Annotated photo localization data:
"""

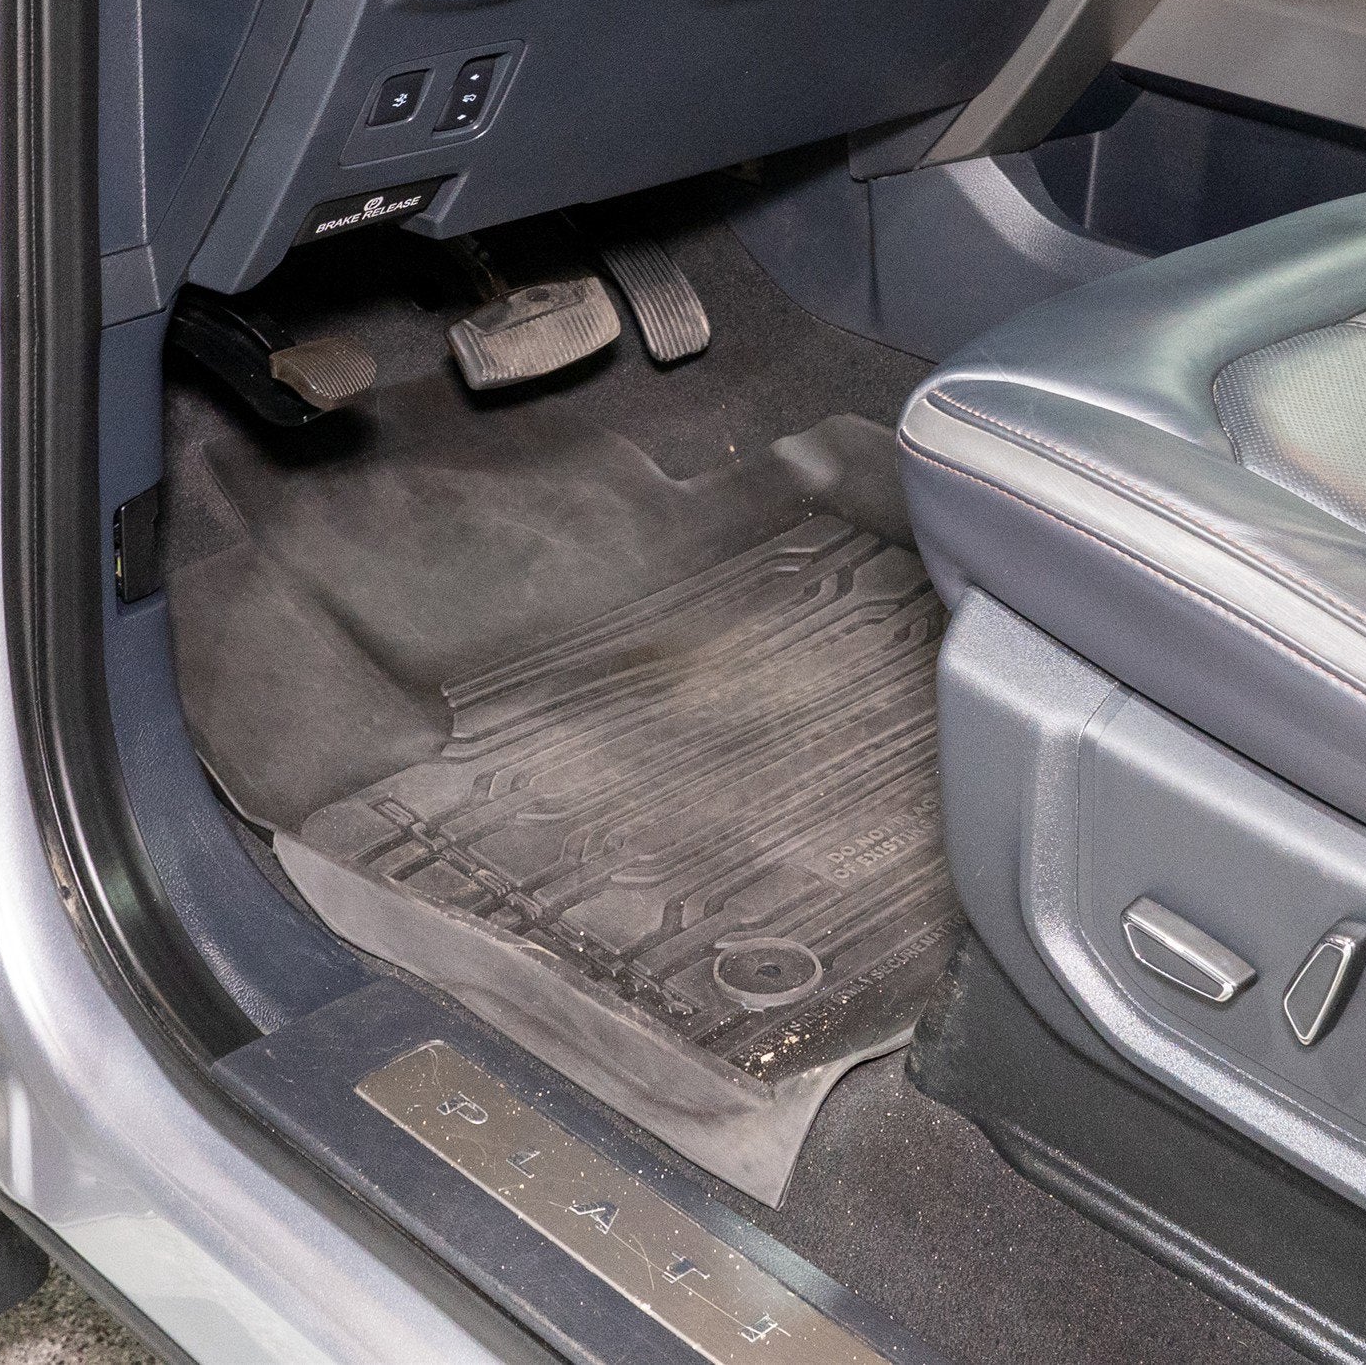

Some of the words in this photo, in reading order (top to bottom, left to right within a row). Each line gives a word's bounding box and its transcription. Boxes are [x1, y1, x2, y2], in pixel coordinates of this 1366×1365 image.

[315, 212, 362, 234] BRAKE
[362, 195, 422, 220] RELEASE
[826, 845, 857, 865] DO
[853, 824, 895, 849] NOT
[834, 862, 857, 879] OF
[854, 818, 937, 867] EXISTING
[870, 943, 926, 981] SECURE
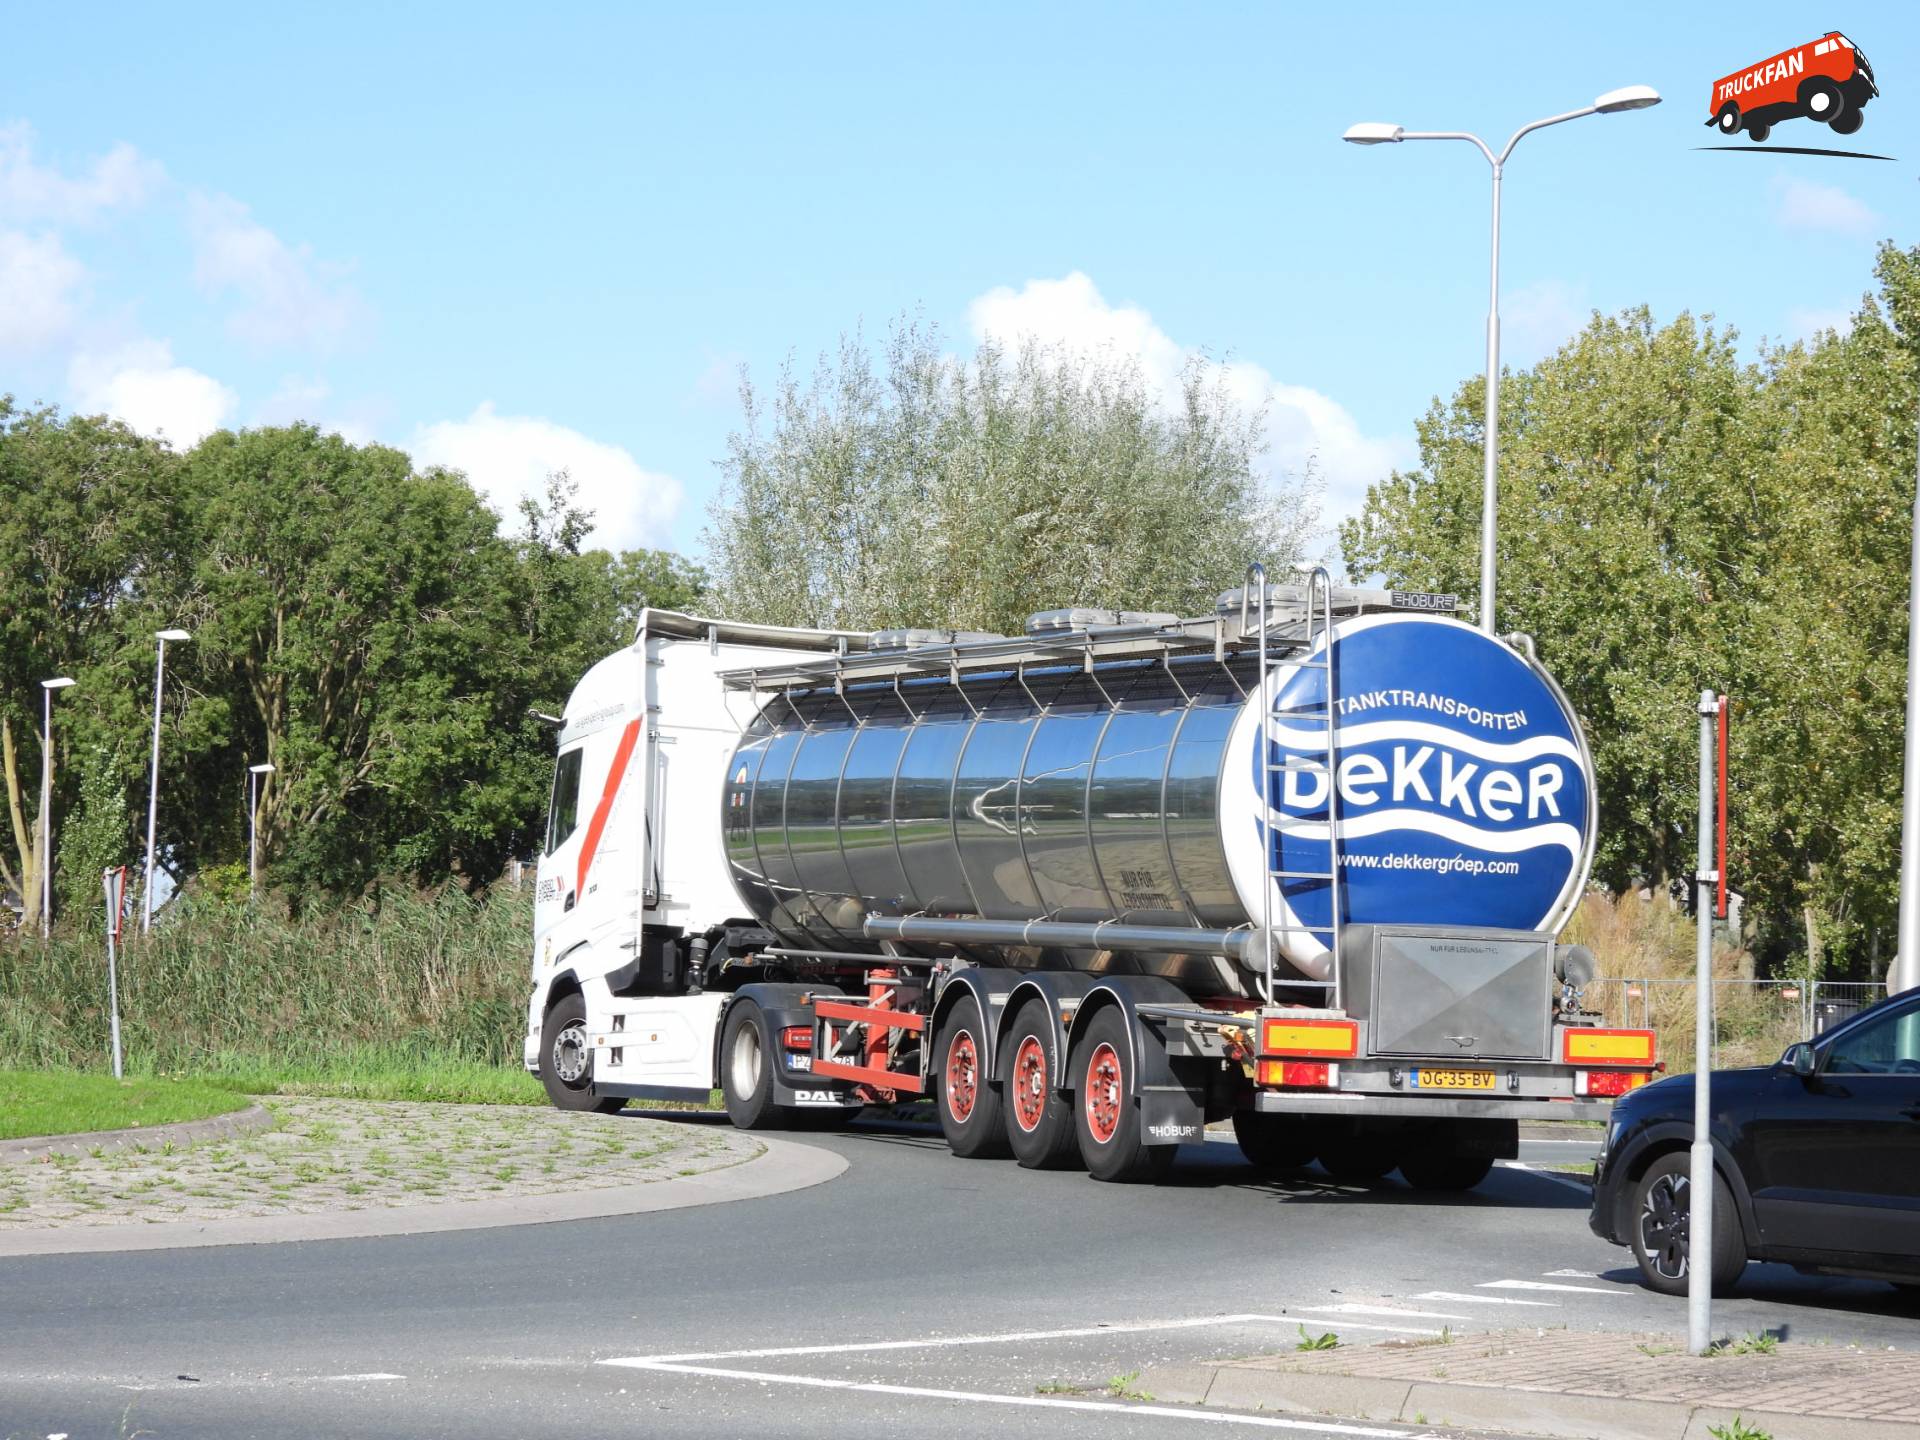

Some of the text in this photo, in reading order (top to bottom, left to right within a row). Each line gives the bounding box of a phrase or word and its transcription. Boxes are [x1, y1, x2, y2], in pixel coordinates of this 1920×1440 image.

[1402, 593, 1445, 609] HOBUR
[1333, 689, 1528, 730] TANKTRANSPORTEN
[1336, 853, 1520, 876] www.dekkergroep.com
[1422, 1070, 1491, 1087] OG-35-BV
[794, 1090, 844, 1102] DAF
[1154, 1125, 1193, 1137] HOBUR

"""

▸ **WHAT TO WORK ON**: The expected output is each entry given again word for word, with pictures dropped.

▸ **ANSWER FOR THE TASK**:
Some of the words in this photo, in reading order (top to bottom, left to right within a row). Each line gives a word's bounding box and its transcription. Boxes are [x1, y1, x2, y2], in pixel coordinates of this 1366×1365 image.

[315, 212, 362, 234] BRAKE
[362, 195, 422, 220] RELEASE
[826, 845, 857, 865] DO
[853, 824, 895, 849] NOT
[834, 862, 857, 879] OF
[854, 818, 937, 867] EXISTING
[870, 943, 926, 981] SECURE

Some of the text in this photo, in reading order (top to bottom, left to right within a row). Each line gives the bounding box of a phrase or word and its transcription. Boxes are [x1, y1, x2, y2], in pixel coordinates of this 1920×1440 image.

[1402, 593, 1445, 609] HOBUR
[1333, 689, 1528, 730] TANKTRANSPORTEN
[1336, 853, 1520, 876] www.dekkergroep.com
[1422, 1070, 1491, 1087] OG-35-BV
[794, 1090, 844, 1102] DAF
[1154, 1125, 1193, 1137] HOBUR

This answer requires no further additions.